Rota-1
© UnknownAbove, workers prepare the remote operated vehicle (ROV) for its plunge to the depths of the Pacific Ocean.

Geosciences professor Robert Stern's research has him scouring the depths of the ocean. But he's not hunting lost treasure. He and graduate student Julia Robeiro are studying volcanic activity beneath the sea.

With funding from the National Science Foundation, Stern and Robeiro undertook the first part of their study Feb. 2-7 analyzing underwater volcanoes in the Western Pacific.

Stern said he has always liked to discover new things. With few places on land to discover virgin territory, the seas were the logical place for Stern. Covering more than two-thirds of the earth's surface, there was no telling what mysteries the depths might reveal, he said.

Undersea volcanoes behave differently than those on land. Submarine volcanoes are actually more accessible to researchers since eruptions are confined by ocean pressure, Stern said.

"The volcanoes we are studying range from some that have been dead for a while to the ones that are still erupting," Stern said.

Image
© UnknownUndersea volcano N/W Rota-1 is captured in a digital feed to the ship. The volcano has been active since 2006.

Stern's team monitored sites with remotely operated submarine vehicles (ROVs), which allowed them to study the sea floor and collect samples from a remote location.

"It's really a big advance over manned submersibles, because it's less dangerous," Stern said.
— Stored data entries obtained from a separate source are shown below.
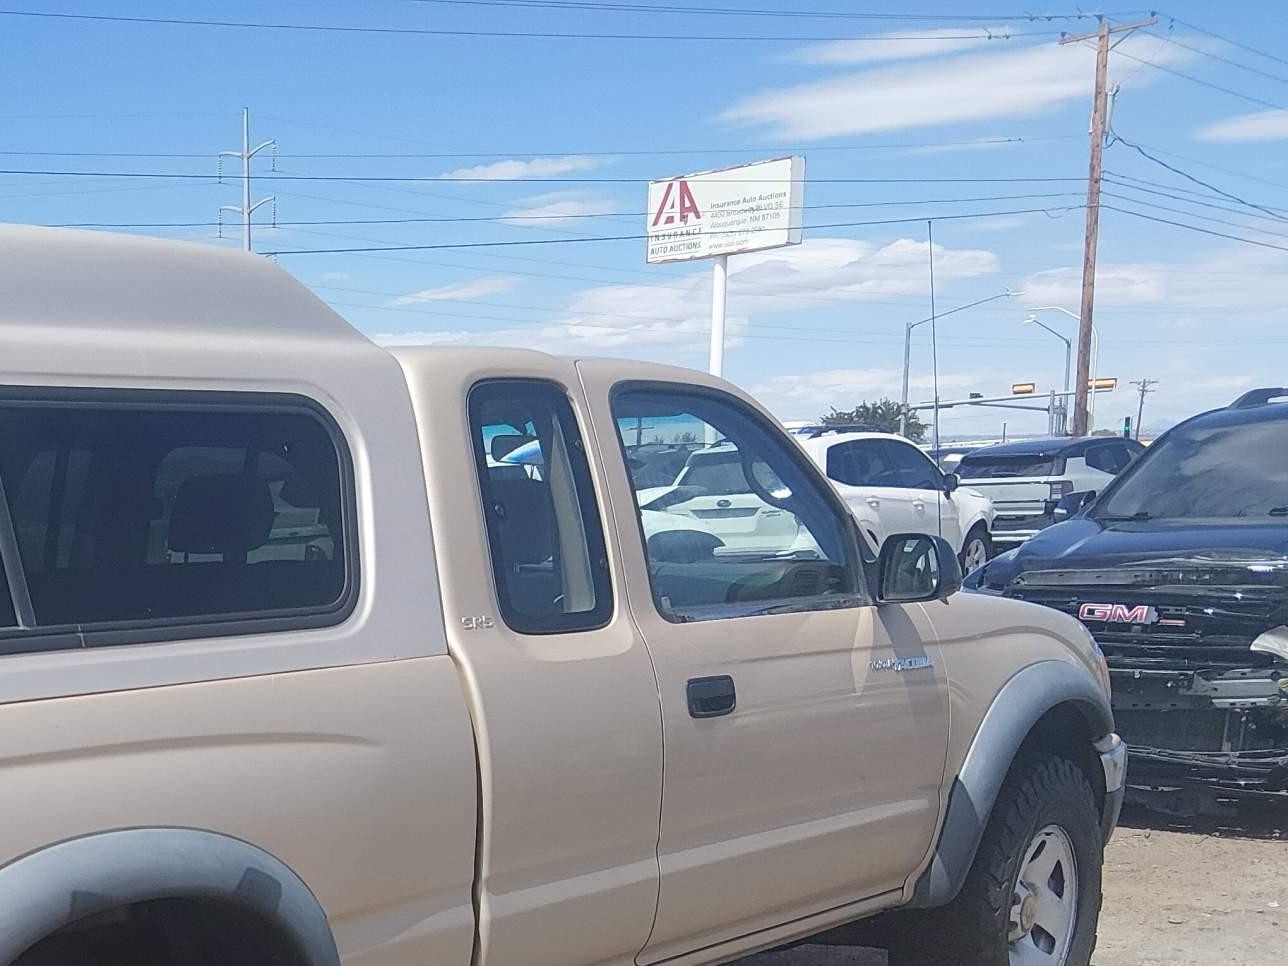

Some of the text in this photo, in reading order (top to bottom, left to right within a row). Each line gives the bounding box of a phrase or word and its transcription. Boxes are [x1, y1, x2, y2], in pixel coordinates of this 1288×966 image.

[710, 191, 787, 209] Insurance Auto Auctions
[775, 200, 784, 209] SE
[750, 215, 760, 224] NM
[650, 227, 702, 243] INSURANCE
[650, 241, 701, 256] AUTO AUCTIONS
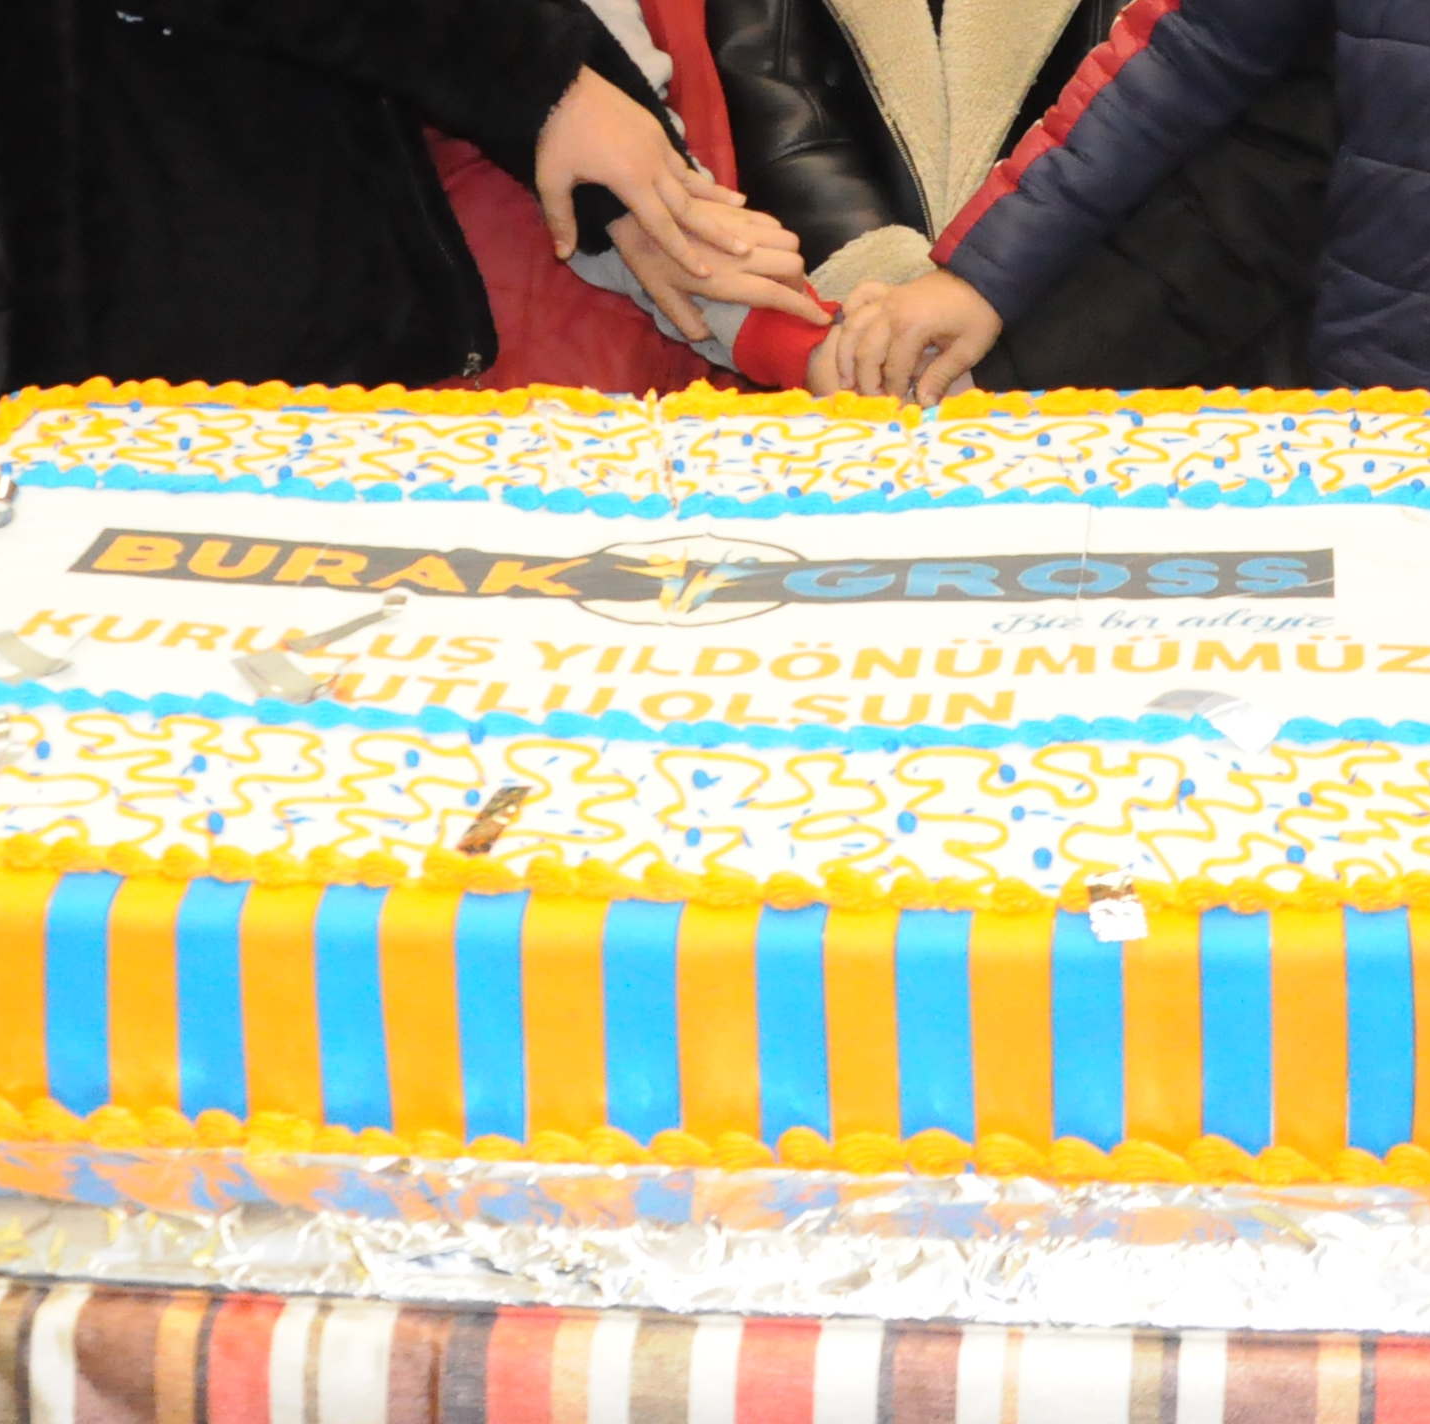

He said images from the ROV are clearer than images captured by manned submersibles because of a data link that lets scientists clearly see the bottom of the ocean.

Robeiro said operating the ROV is similar to playing a computer game.

"It's pretty interesting just watching the robot from the screen, picking up rock samples at the bottom of the sea", she said.

The researchers were building on previous research Stern had performed in the same area. They sampled N/W Rota-1, which has been active since 2006, the West Rota, which is no longer active and Tracey, a volcano never before explored by scientists.

Stern said West Rota had a steep inner crater called a caldera, similar to famous volcanoes at Crater Lake in Oregon and Krakatoa near Indonesia.

"This may have been an island originally, but it's now completely under water," Stern said.

Robeiro said the trips to the Western Pacific have allowed her to gain experience with technology and research methods that would have been impossible to learn picking up rocks on the earth surface.

The first part of the trip took the researchers about the distance between Dallas and Austin. Stern said he intends to return to the Pacific in the summer for a two-week continuation of research of the bottom of the ocean.